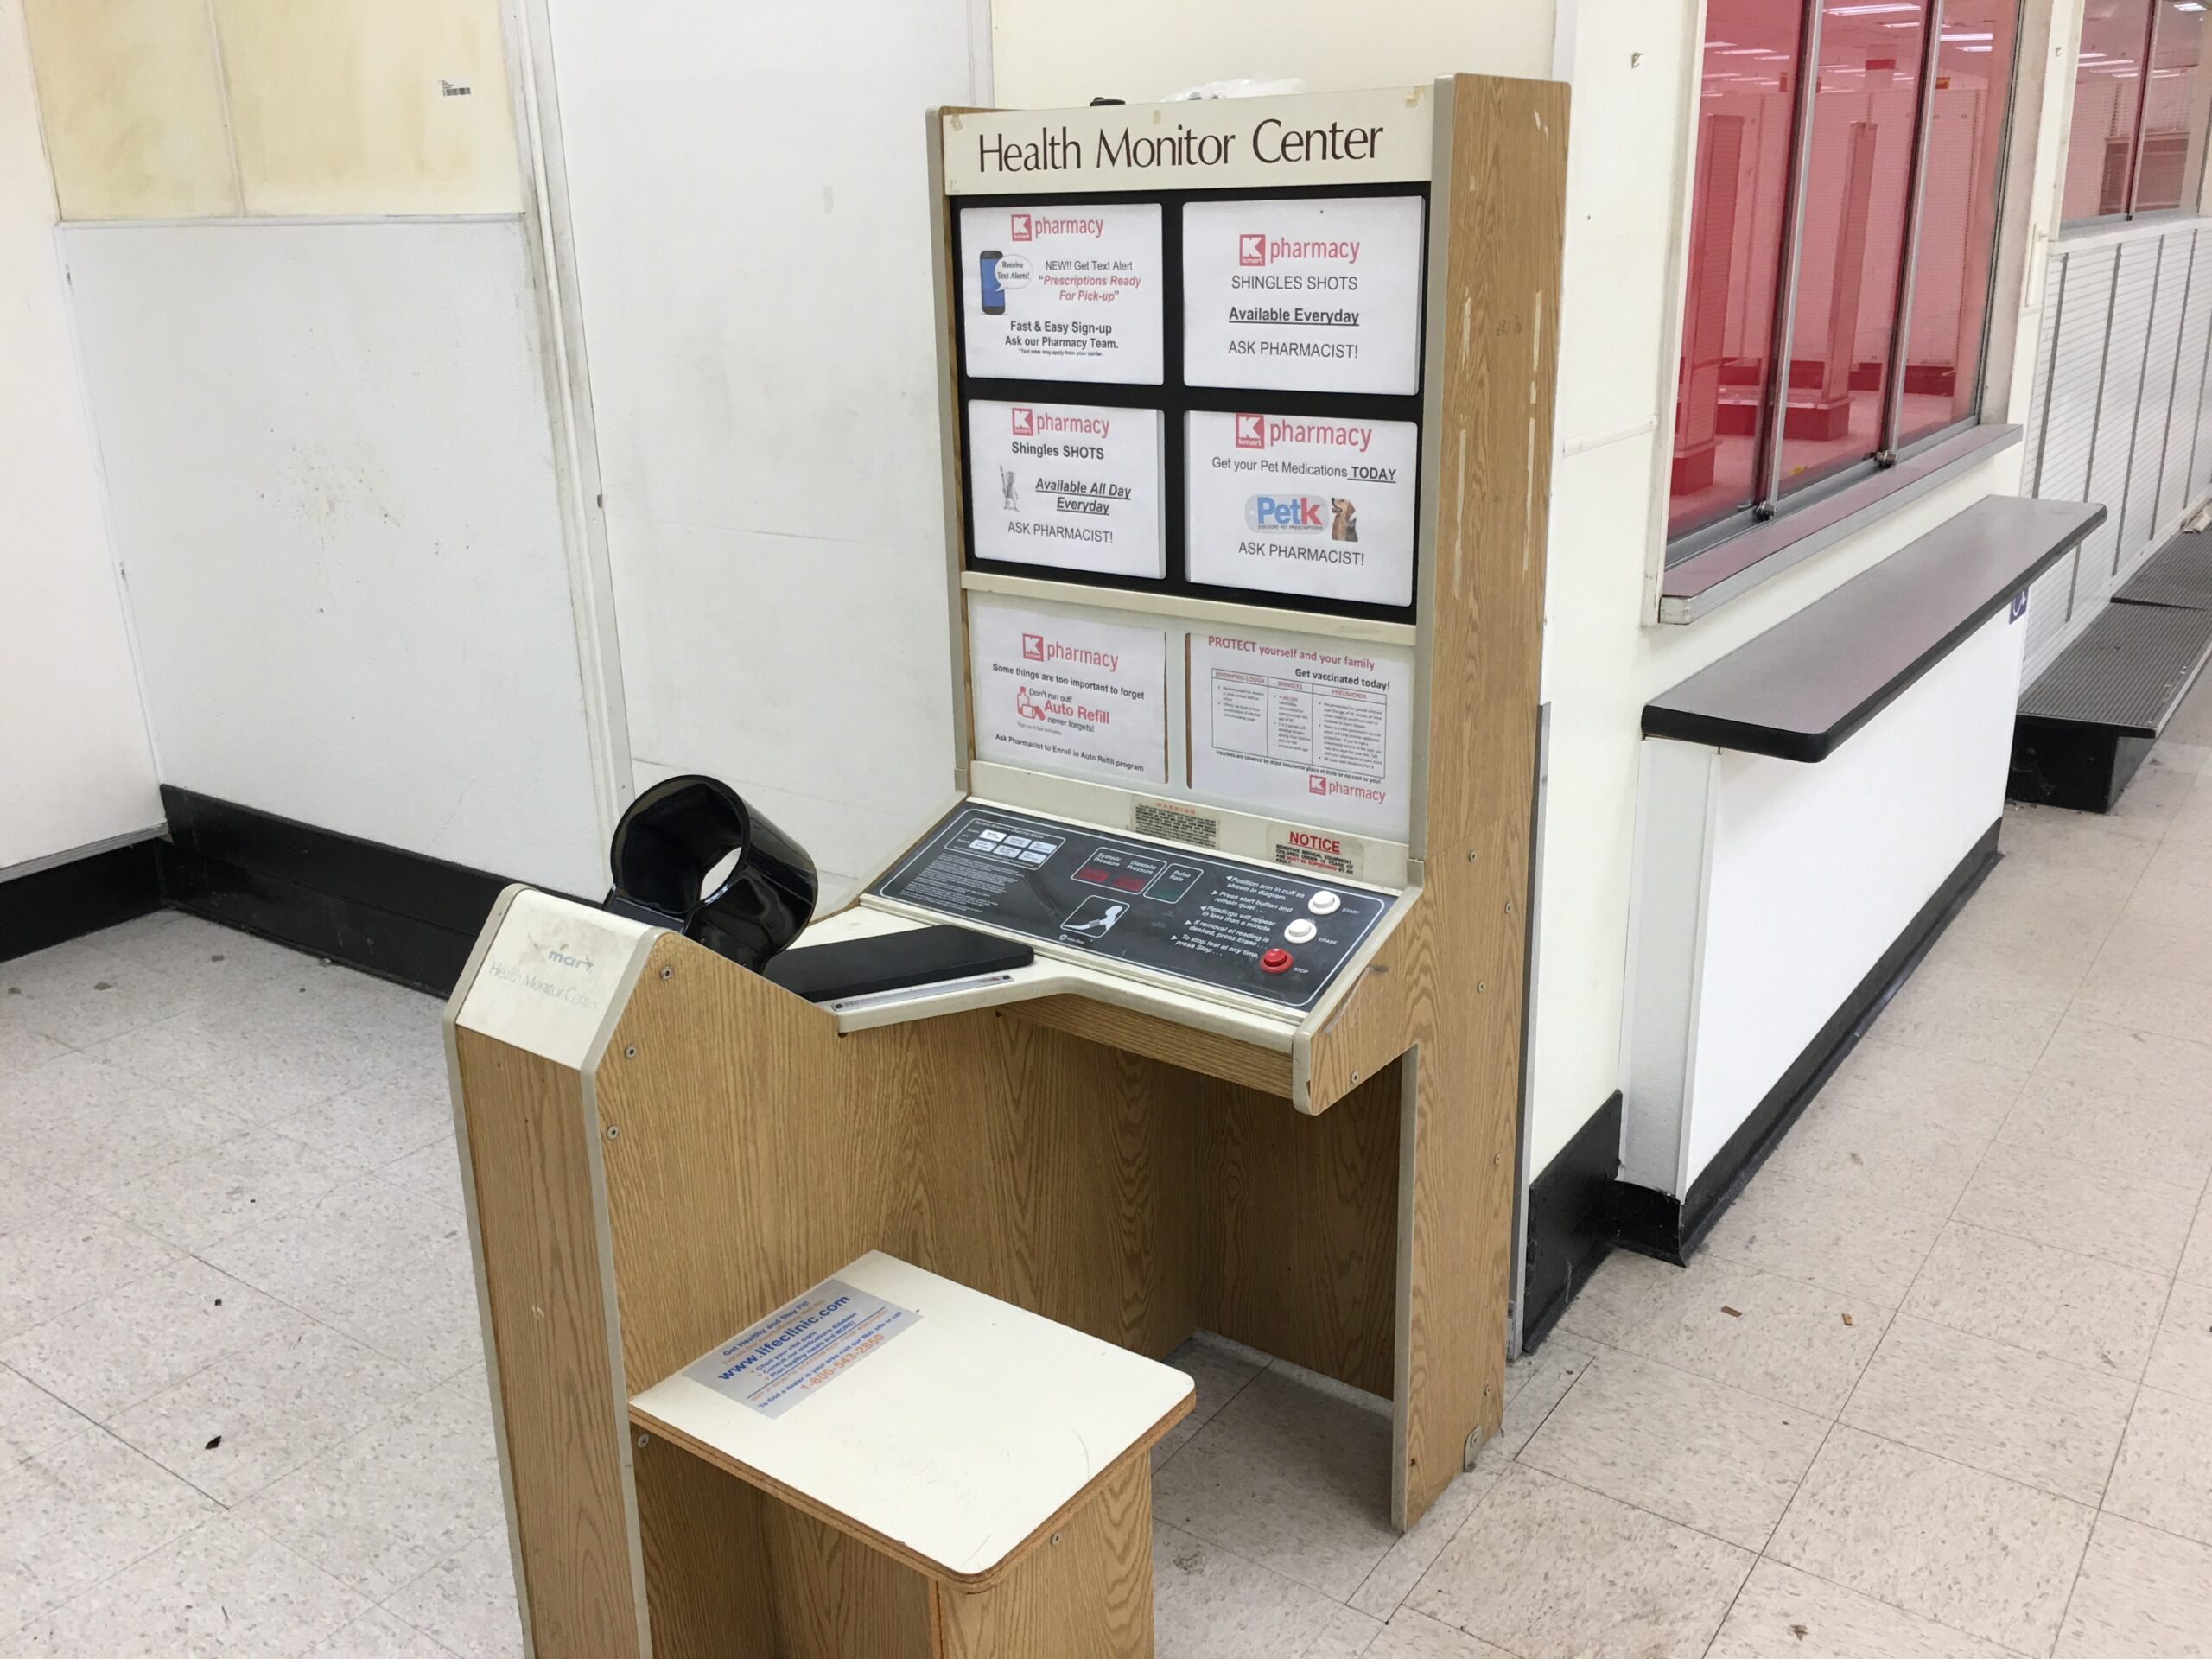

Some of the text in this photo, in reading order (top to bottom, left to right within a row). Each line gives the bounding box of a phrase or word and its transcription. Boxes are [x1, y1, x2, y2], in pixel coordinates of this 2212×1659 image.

[979, 118, 1384, 172] Health Monitor Center
[1035, 216, 1103, 238] pharmacy
[1271, 238, 1359, 264] pharmacy
[1046, 261, 1133, 271] NEW!! Get Text Alert
[1110, 276, 1141, 288] Ready
[1231, 276, 1357, 290] SHINGLES SHOTS
[1059, 290, 1076, 301] For
[1229, 307, 1359, 326] Available Everyday
[1010, 321, 1112, 335] Fast & Easy Sign-up
[1005, 336, 1021, 346] Ask
[1042, 337, 1087, 350] Pharmacy
[1090, 339, 1118, 348] Team.
[1229, 340, 1358, 359] ASK PHARMACIST!
[1037, 413, 1109, 438] pharmacy
[1270, 419, 1372, 452] pharmacy
[1012, 442, 1104, 460] Shingles SHOTS
[1212, 457, 1396, 480] Get your Pet Medications TODAY
[1036, 478, 1131, 499] Available All Day
[1057, 497, 1109, 515] Everyday
[1257, 497, 1322, 525] Petk
[1008, 521, 1113, 543] ASK PHARMACIST!
[1238, 542, 1364, 566] ASK PHARMACIST!
[1047, 642, 1118, 672] pharmacy
[1208, 636, 1375, 671] PROTECT yourself and your family
[993, 664, 1014, 674] Some
[1016, 668, 1039, 680] things
[1056, 676, 1068, 684] too
[1071, 678, 1108, 693] important
[1121, 687, 1144, 700] forget
[1215, 671, 1244, 683] WHOOPING
[1295, 669, 1390, 690] Get vaccinated today!
[1029, 689, 1046, 698] Don't
[1060, 695, 1072, 703] out!
[1332, 690, 1367, 699] PNEUMONIA
[1045, 700, 1109, 724] Auto Refill
[1047, 716, 1094, 732] never forgets!
[995, 734, 1007, 742] Ask
[1008, 736, 1043, 749] Pharmacist
[1052, 746, 1071, 755] Enroll
[1081, 752, 1096, 761] Auto
[1097, 755, 1115, 765] Refill
[1116, 760, 1144, 772] program
[1329, 781, 1385, 804] pharmacy
[1290, 831, 1340, 854] NOTICE
[1093, 857, 1120, 867] Pressure
[1097, 852, 1122, 862] Systolic
[1130, 860, 1157, 870] Diastolic
[1126, 865, 1154, 874] Pressure
[1227, 883, 1249, 892] shown
[1231, 877, 1259, 887] Position
[1214, 898, 1237, 908] remain
[1219, 891, 1239, 899] Press
[1255, 900, 1278, 909] button
[1207, 906, 1238, 917] Readings
[1251, 917, 1276, 925] appear
[1199, 922, 1228, 931] removal
[1236, 931, 1262, 942] reading
[1318, 937, 1338, 945] ERASE
[1175, 940, 1196, 949] press
[1236, 938, 1257, 946] Erase
[489, 962, 600, 1010] Health Monitor Center
[719, 1295, 851, 1381] www.lifeclinic.com
[723, 1346, 739, 1356] Get
[737, 1328, 766, 1346] Healthy
[766, 1319, 780, 1329] and
[780, 1310, 798, 1319] Stay
[801, 1334, 885, 1390] 1-800-543-2850
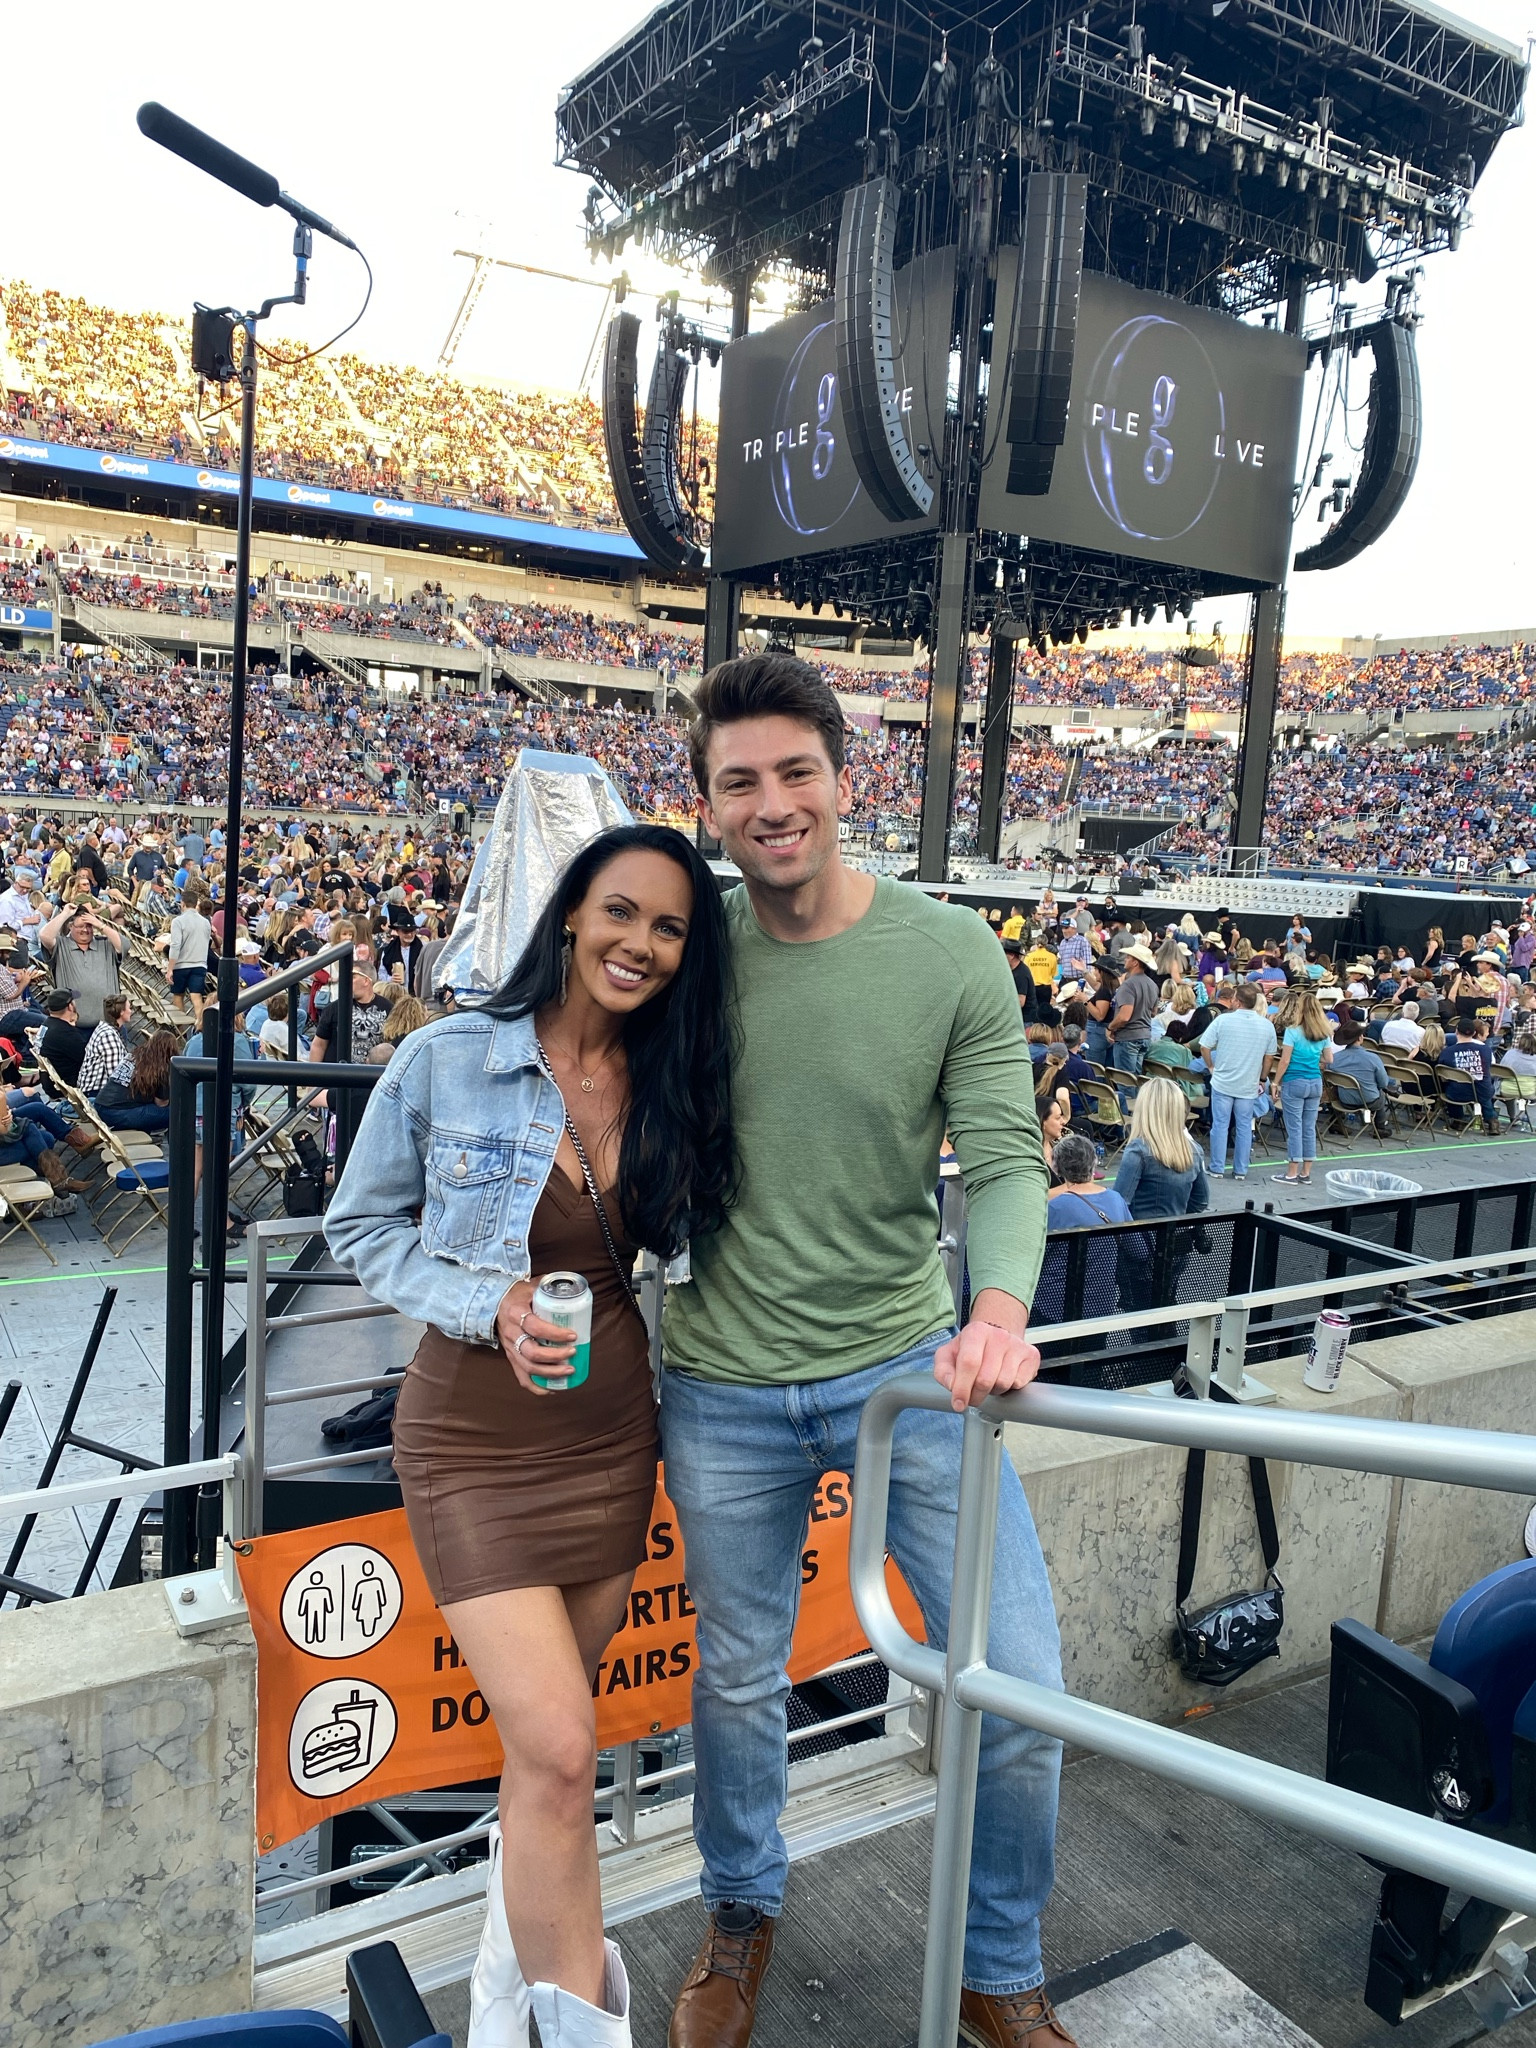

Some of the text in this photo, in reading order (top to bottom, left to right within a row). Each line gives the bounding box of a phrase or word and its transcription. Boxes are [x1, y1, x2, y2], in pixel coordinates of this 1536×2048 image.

[15, 444, 49, 459] pepsi
[117, 459, 149, 475] pepsi
[301, 490, 331, 504] pepsi
[387, 504, 414, 517] pepsi
[1455, 1055, 1482, 1063] FAITH
[1443, 1778, 1462, 1807] A
_ _ _ _ _
What you should do: No line before the one containing "this 1536×2048 image." should be copied; restate that line and all the rest through the end of the data above word for word.

Answer to this exercise:
Some of the text in this photo, in reading order (top to bottom, left to right within a row). Each line gives the bounding box of a phrase or word and its transcription. Boxes are [x1, y1, x2, y2], in pixel coordinates of this 1536×2048 image.

[15, 444, 49, 459] pepsi
[117, 459, 149, 475] pepsi
[301, 490, 331, 504] pepsi
[387, 504, 414, 517] pepsi
[1455, 1055, 1482, 1063] FAITH
[1443, 1778, 1462, 1807] A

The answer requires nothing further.